Histoire secrète : Comment notre Sahara a été amputé ?

Le processus qui a amené Hassan II à abandonner une part du Sahara oriental nous aide à mieux comprendre les relations entre le Maroc et l’Algérie, aujourd’hui sur le point de renégocier pour le sort de l’autre Sahara, occidental celui là. Analyse, par Driss Ksikes

Quand ce politicien, méconnu, du nom de Mohamed Alouah est sorti de l’ombre le 3 novembre dernier pour revendiquer 38% du territoire algérien, il a carrément créé un incident diplomatique. Normal, le sujet est officiellement clos et le tracé des frontières définitif est publié au Bulletin officiel depuis 1992.

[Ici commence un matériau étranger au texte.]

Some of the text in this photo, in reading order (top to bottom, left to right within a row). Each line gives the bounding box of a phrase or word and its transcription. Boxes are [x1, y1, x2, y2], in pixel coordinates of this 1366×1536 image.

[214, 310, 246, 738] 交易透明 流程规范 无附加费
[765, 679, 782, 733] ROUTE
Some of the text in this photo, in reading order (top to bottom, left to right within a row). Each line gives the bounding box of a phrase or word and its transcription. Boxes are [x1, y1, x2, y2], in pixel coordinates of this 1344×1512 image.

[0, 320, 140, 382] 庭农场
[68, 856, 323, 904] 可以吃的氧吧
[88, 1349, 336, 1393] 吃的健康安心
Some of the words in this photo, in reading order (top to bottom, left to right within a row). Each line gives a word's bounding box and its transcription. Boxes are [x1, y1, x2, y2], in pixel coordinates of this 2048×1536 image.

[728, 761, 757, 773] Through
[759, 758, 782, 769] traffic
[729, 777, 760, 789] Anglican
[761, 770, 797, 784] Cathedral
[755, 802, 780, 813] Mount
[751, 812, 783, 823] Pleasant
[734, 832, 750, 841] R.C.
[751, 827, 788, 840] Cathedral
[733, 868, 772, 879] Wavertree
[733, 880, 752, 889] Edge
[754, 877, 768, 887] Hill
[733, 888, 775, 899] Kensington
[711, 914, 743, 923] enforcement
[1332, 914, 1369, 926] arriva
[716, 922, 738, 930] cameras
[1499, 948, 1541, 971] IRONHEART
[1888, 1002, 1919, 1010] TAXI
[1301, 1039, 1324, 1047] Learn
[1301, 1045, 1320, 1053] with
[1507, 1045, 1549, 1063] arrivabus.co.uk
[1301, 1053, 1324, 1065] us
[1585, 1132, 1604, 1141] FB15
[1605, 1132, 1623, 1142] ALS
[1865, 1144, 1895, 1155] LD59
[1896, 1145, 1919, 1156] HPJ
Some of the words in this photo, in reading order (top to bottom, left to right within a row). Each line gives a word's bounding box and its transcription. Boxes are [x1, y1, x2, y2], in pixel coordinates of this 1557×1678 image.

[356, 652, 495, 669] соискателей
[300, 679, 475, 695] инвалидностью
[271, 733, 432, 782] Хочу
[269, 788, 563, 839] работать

S’il a dérangé, c’est parce que les deux pays s’apprêtent, sous pression internationale, à reprendre le chemin des négociations. Autrement dit, "le timing est mal choisi pour retourner le couteau dans les plaies", commente un connaisseur des relations tendues entre les deux pays limitrophes. Incidemment, cela nous apprend qu’il y a une part de vérité dans les propos "désinvoltes" d’Alouah. La leçon de l’histoire vaut, donc, le détour. D’autant que rien dans les manuels d’histoire au Maroc n’explique aux jeunes comment Tindouf, Béchar, Ich, Kenadsa, Beni Ounnif, Hassi Baïda, Tinjoub et autres localités, introuvables sur notre carte, hier encore sous l’autorité du Makhzen, sont passés du côté algérien. Or, l’histoire des négociations secrètes, des fausses promesses du premier président de l’Algérie indépendante, Ahmed Ben Bella, de la flexibilité excessive de Hassan II sur cette question des frontières communes, est lourde d’enseignements.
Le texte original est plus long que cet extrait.